Animals can create problems such as smell, risk of disease, pollution of waterways, or quarrels between neighbours when they invade and damage gardens. However, they can also be a source of income, they provide food or services, help to reduce the volume of organic waste and can be part of social networks that are only clear to those who are involved in them. What is urban livestock, and is it really such a problem?

An urban livestock system can be roughly defined as a form of livestock keeping that is concentrated in and around cities. However, it is very difficult, if not impossible, to give a more precise definition that is universally valid. There are problems, for example, in defining the exact meanings of a city, a peri-urban region, livestock, a livestock system and where the boundaries are. This report uses the following working definition of an urban livestock system:

An urban livestock system is characterized by a large variation of livestock systems that occur in and around densely populated areas and that strongly interact with the surrounding wealthy as well as poor human communities in different ways, at several levels of system-hierarchy and with nearby and distant rural areas.

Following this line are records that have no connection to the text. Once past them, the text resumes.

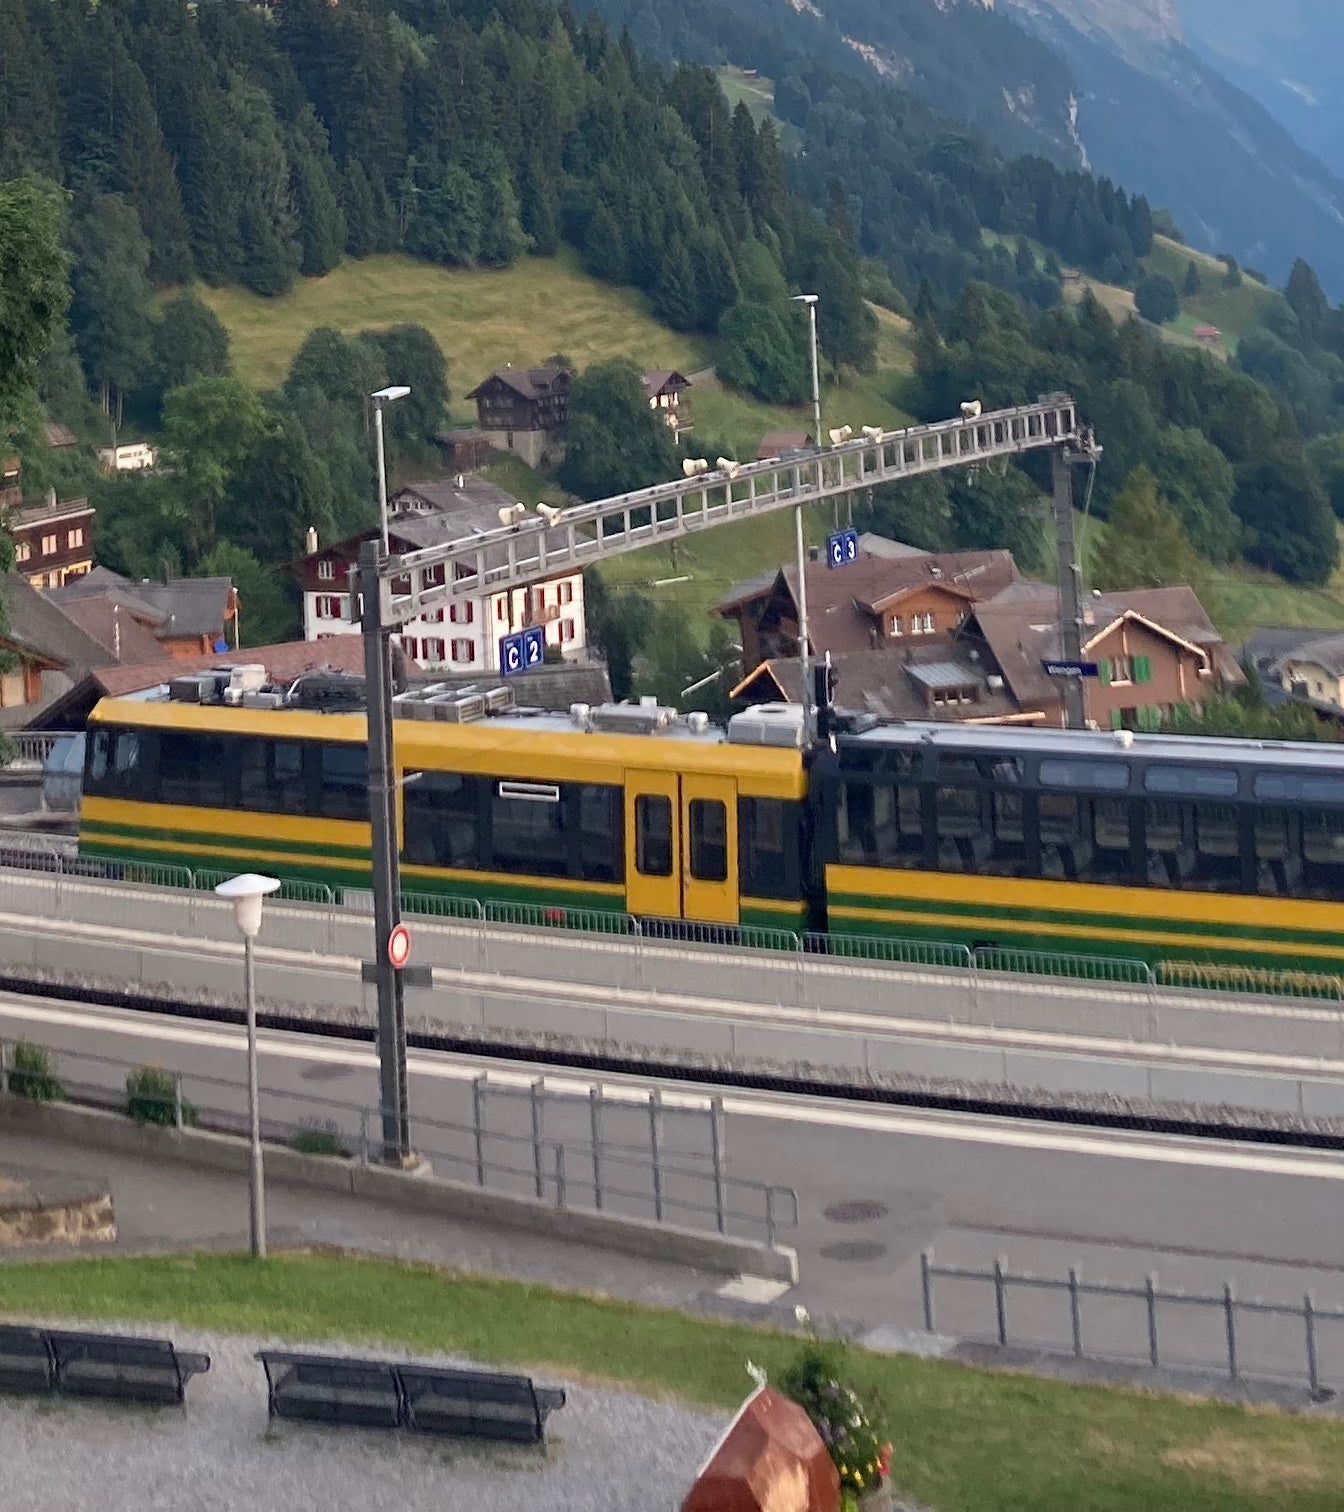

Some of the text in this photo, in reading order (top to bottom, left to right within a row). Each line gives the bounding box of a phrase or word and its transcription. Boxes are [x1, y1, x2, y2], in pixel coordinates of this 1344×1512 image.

[833, 540, 855, 563] C 3
[508, 640, 539, 669] C 2
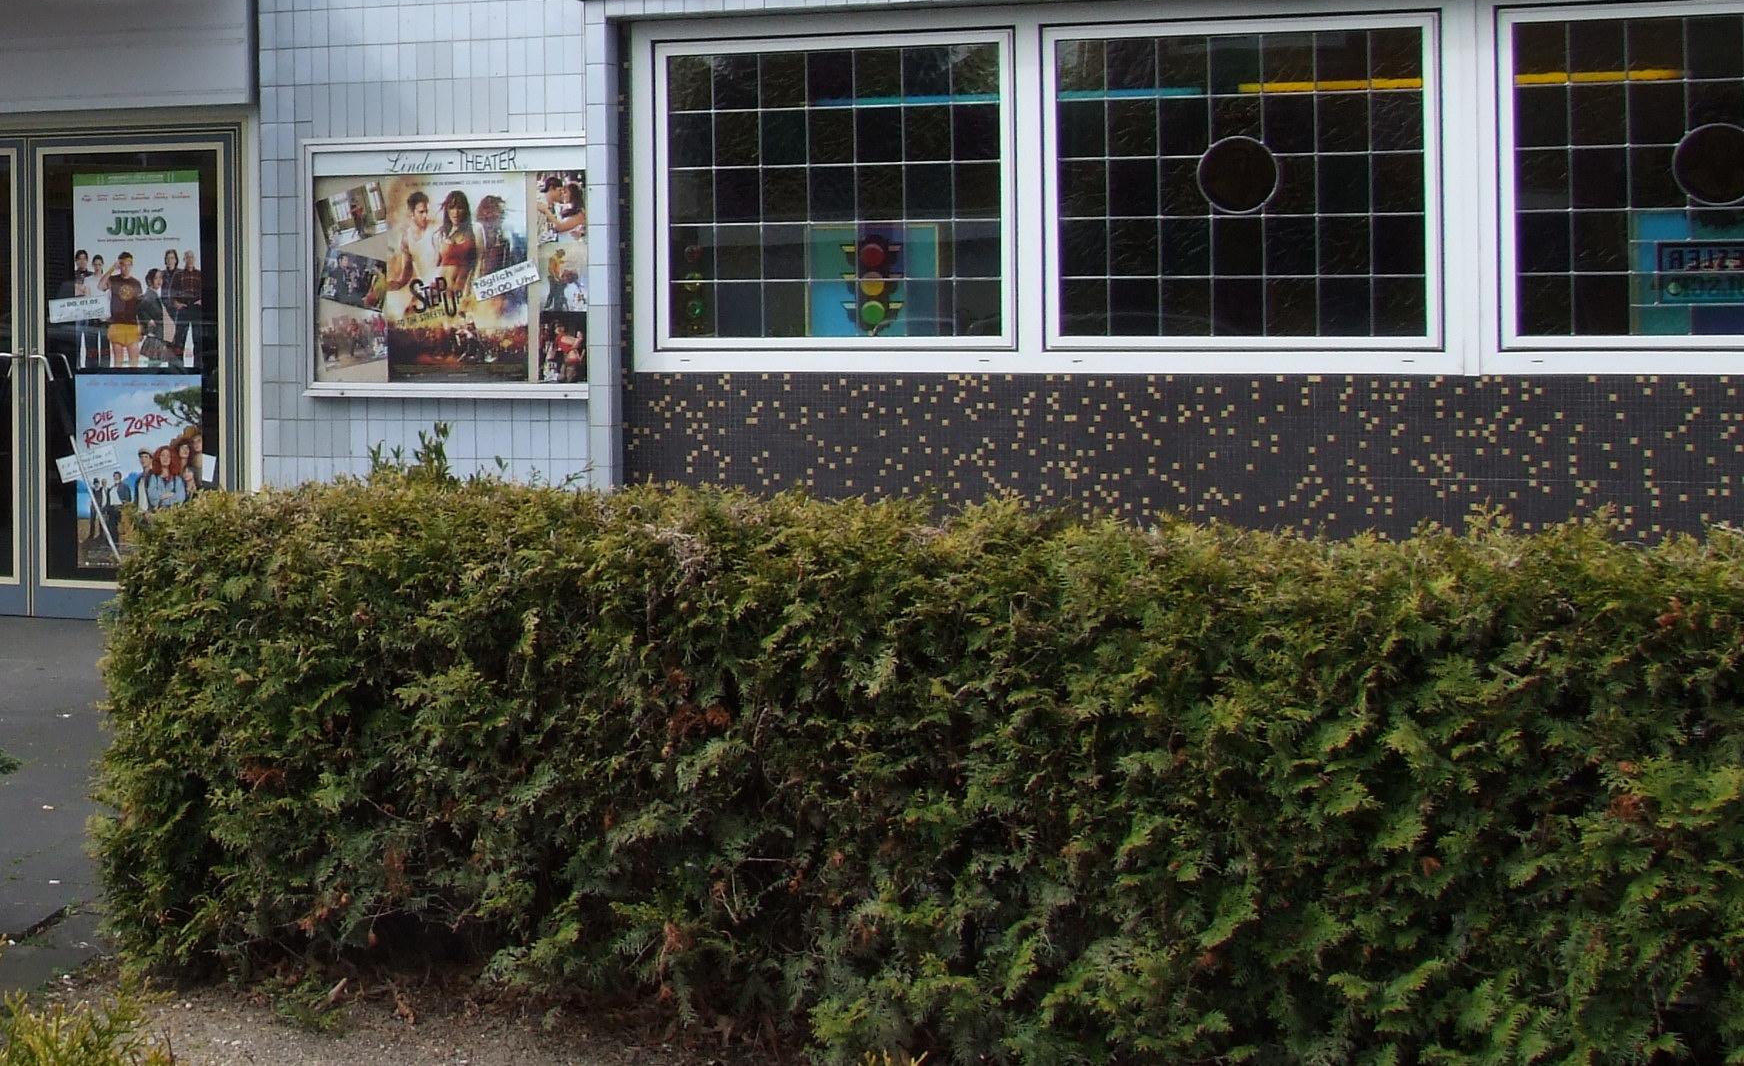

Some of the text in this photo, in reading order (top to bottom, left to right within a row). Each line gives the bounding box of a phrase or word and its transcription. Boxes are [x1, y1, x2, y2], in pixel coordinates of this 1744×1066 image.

[386, 151, 442, 173] Linden
[457, 147, 518, 172] THEATER
[106, 215, 167, 236] JUNO
[92, 410, 114, 426] DIE
[82, 412, 173, 448] ROTE ZORA

This description allows all types of livestock keeping in and around cities to be considered urban livestock systems of one sort or another. It reduces the precision but widens the validity of the definition. It leaves the setting of precise and locally relevant definitions to the people directly involved in a particular set of conditions, but it still characterizes the systems sufficiently to distinguish them from, for example, mixed or pastoral systems.

PHOTO 1

The covered Ponte Vecchio bridge in Florence, Italy, home of butchers and fish traders until the Medici, walking on the upper gallery, complained about the smell and nuisance, which led to the replacement of the original businesses by trade in gold and jewels

This report lists the constraints, positive experiences and technologies that create a variable but useful role for livestock in cities. It stresses that this role is not confined to the production of food - social aspects of urban livestock are manifold, particularly when smaller-scale enterprises, e.g. of backyard proportions, are involved. Animal keeping in its various forms may cause some pollution, but it may also actually help to clean a city. A good understanding of all these aspects helps the various interest groups (stakeholders) to appreciate the benefits that accompany the drawbacks in keeping animals in urban areas. Important drawbacks mentioned in this report are those associated with systems that concern large specialized and commercial units.

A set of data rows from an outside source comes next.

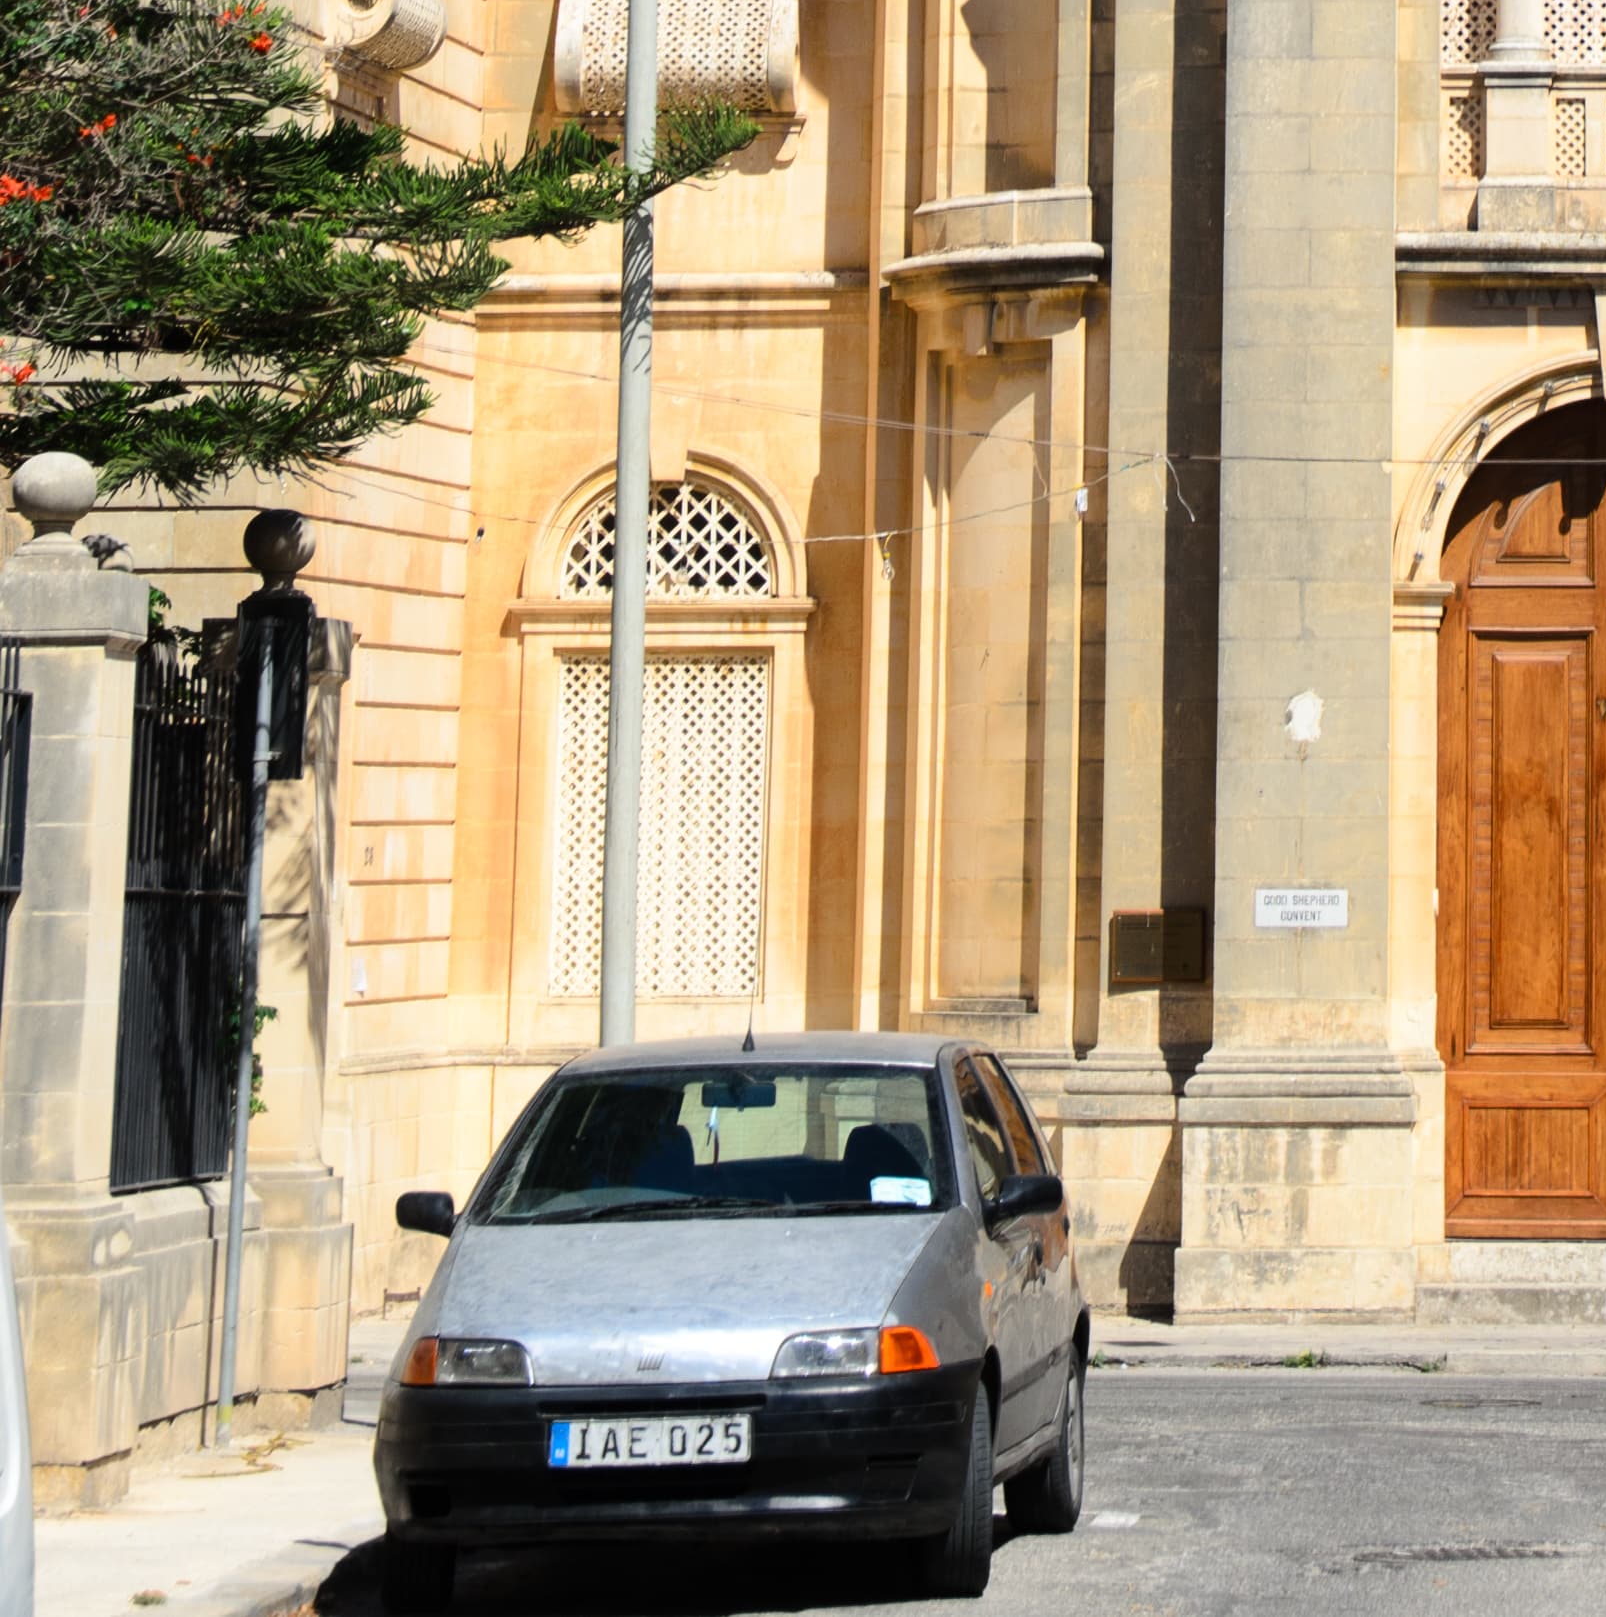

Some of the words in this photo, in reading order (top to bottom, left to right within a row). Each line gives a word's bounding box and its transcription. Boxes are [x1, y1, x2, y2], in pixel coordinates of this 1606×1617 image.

[1263, 894, 1288, 906] GOOD
[1292, 894, 1340, 906] SHEPHERD
[1280, 910, 1322, 921] CONVENT
[575, 1426, 648, 1460] IAE
[669, 1423, 743, 1457] 025

Chapter 2 of this publication describes the different ways in which urban livestock is viewed by the different stakeholders. This is followed by an overview of the major criteria that help to distinguish among different patterns of urban livestock keeping, the reasons for and against urban livestock keeping and the major problems inherent to the system. Special attention is given to flexible, participatory, non-linear approaches to assessing these problems and identifying solutions. In Chapter 3, different types of technologies are described. Major livestock species occurring in urban conditions are described in Chapter 4; husbandry techniques (feeding, breeding, animal health) are outlined in Chapter 5; and Chapter 6 deals with the processing and waste management of livestock products. Conclusions are drawn in Chapter 7, which is followed by a bibliography. Given the recent upsurge in attention to urban livestock keeping there is also a list of sources of further information and contacts for those who are interested in acquiring more details on urban livestock. The publications by Bakker et al. (2000), RUAF (2000), Schiere (FAO, 2000) and Wilson (FAO, 1995a) are particularly relevant in this respect, and additional useful new material is likely to be produced in the near future.

This publication aims to raise awareness of urban livestock by sharing written and unwritten experiences with a broader public. Mutual comprehension among urban livestock keepers, other city inhabitants and such "third parties" as policy-makers and scientists is indispensable if the important role of urban livestock in the food security and economy of many cities around the world is to be maintained.